··· Records for the task

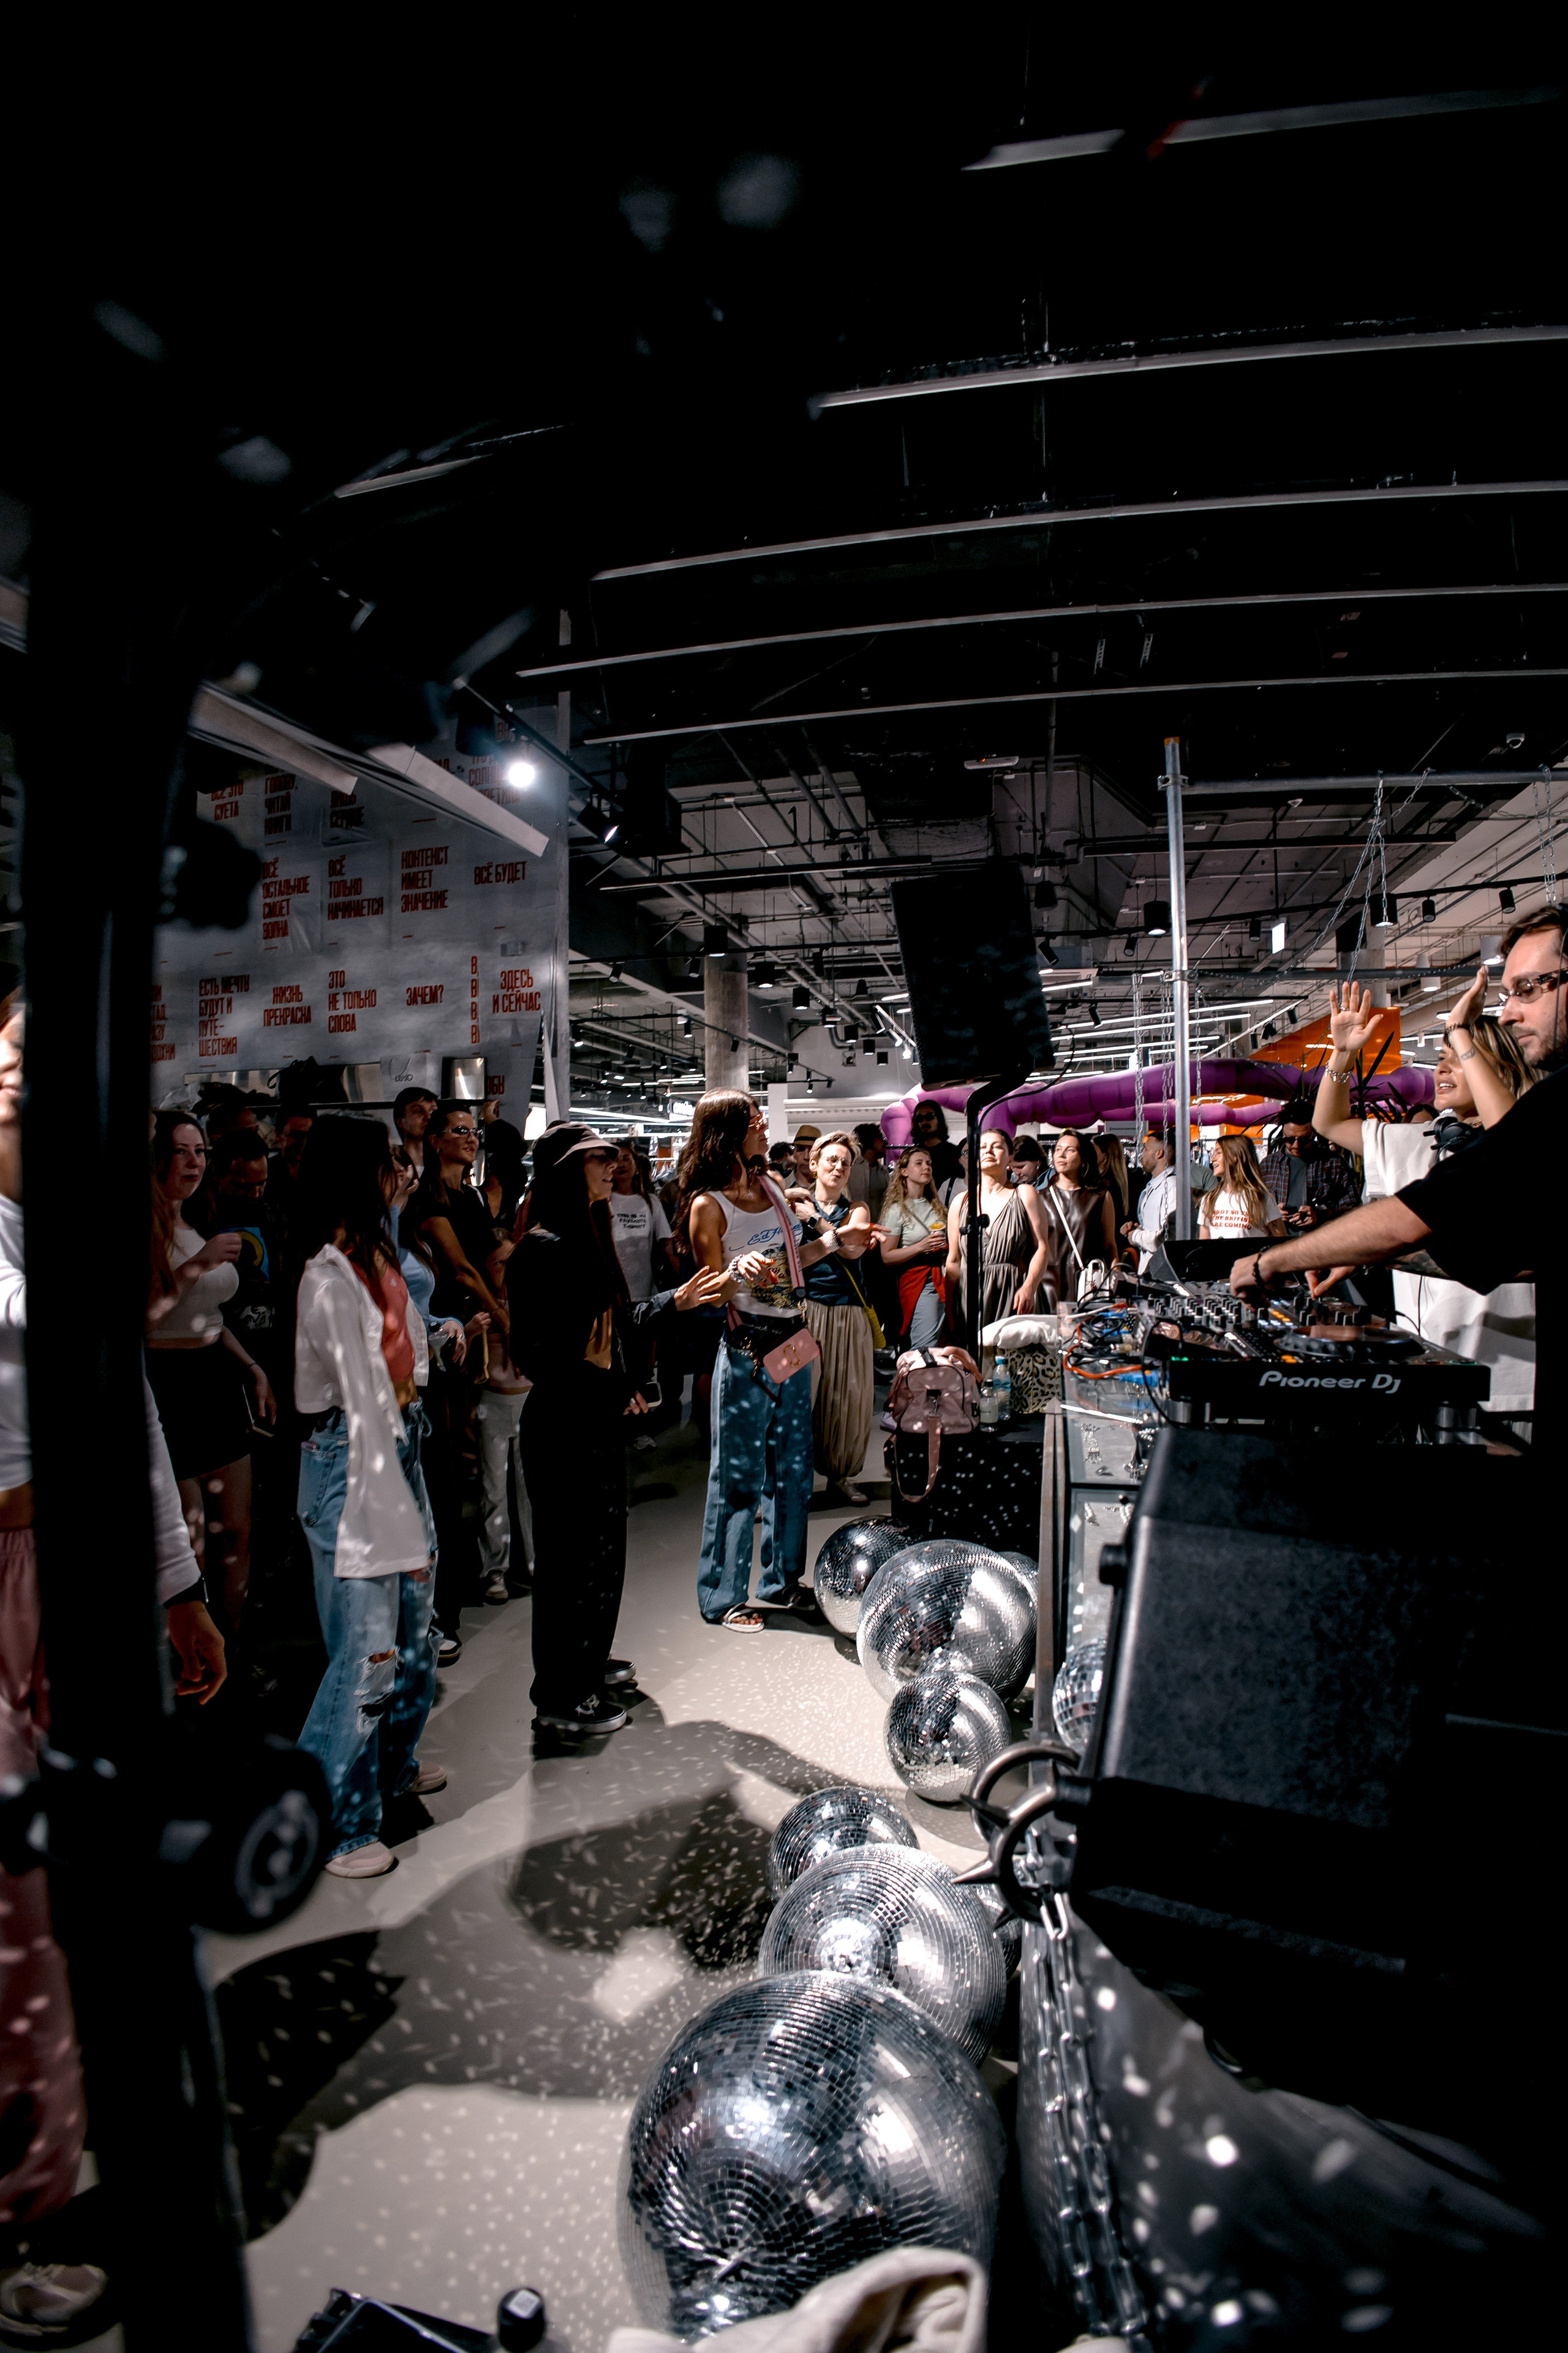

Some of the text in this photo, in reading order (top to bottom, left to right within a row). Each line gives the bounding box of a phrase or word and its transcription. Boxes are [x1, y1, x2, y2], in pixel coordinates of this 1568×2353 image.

[214, 800, 239, 821] СУЕТА
[262, 857, 279, 880] ВСЁ
[328, 855, 346, 877] ВСЁ
[401, 846, 449, 870] КОНТЕКСТ
[401, 869, 433, 890] ИМЕЕТ
[474, 861, 527, 885] ВСЁ БУДЕТ
[262, 876, 310, 899] ОСТАЛЬНОЕ
[328, 878, 362, 899] ТОЛЬКО
[263, 899, 290, 920] СМОЕТ
[327, 897, 384, 921] НАЧИНАЕТСЯ
[401, 889, 448, 913] ЗНАЧЕНИЕ
[263, 920, 288, 940] ВОЛНА
[199, 978, 219, 997] ЕСТЬ
[328, 970, 345, 989] ЭТО
[500, 969, 533, 992] ЗДЕСЬ
[273, 984, 303, 1005] ЖИЗНЬ
[328, 989, 377, 1011] НЕ ТОЛЬКО
[406, 984, 444, 1006] ЗАЧЕМ?
[492, 990, 541, 1014] И СЕЙЧАС
[199, 997, 232, 1018] БУДУТ И
[263, 1005, 312, 1027] ПРЕКРАСНА
[199, 1018, 225, 1037] ПУТЕ-
[328, 1013, 356, 1033] СЛОВА
[150, 1043, 175, 1063] ДОХНИ
[199, 1037, 238, 1057] ШЕСТВИЯ
[486, 1075, 505, 1095] ОБЫ
[1259, 1370, 1366, 1388] Pioneer

······

▶ [Exercise goal]: Pictures must be left out when the records are transcribed exactly.

▶ [Answer box]:
Some of the text in this photo, in reading order (top to bottom, left to right within a row). Each line gives the bounding box of a phrase or word and its transcription. Boxes are [x1, y1, x2, y2], in pixel coordinates of this 1568×2353 image.

[214, 800, 239, 821] СУЕТА
[262, 857, 279, 880] ВСЁ
[328, 855, 346, 877] ВСЁ
[401, 846, 449, 870] КОНТЕКСТ
[401, 869, 433, 890] ИМЕЕТ
[474, 861, 527, 885] ВСЁ БУДЕТ
[262, 876, 310, 899] ОСТАЛЬНОЕ
[328, 878, 362, 899] ТОЛЬКО
[263, 899, 290, 920] СМОЕТ
[327, 897, 384, 921] НАЧИНАЕТСЯ
[401, 889, 448, 913] ЗНАЧЕНИЕ
[263, 920, 288, 940] ВОЛНА
[199, 978, 219, 997] ЕСТЬ
[328, 970, 345, 989] ЭТО
[500, 969, 533, 992] ЗДЕСЬ
[273, 984, 303, 1005] ЖИЗНЬ
[328, 989, 377, 1011] НЕ ТОЛЬКО
[406, 984, 444, 1006] ЗАЧЕМ?
[492, 990, 541, 1014] И СЕЙЧАС
[199, 997, 232, 1018] БУДУТ И
[263, 1005, 312, 1027] ПРЕКРАСНА
[199, 1018, 225, 1037] ПУТЕ-
[328, 1013, 356, 1033] СЛОВА
[150, 1043, 175, 1063] ДОХНИ
[199, 1037, 238, 1057] ШЕСТВИЯ
[486, 1075, 505, 1095] ОБЫ
[1259, 1370, 1366, 1388] Pioneer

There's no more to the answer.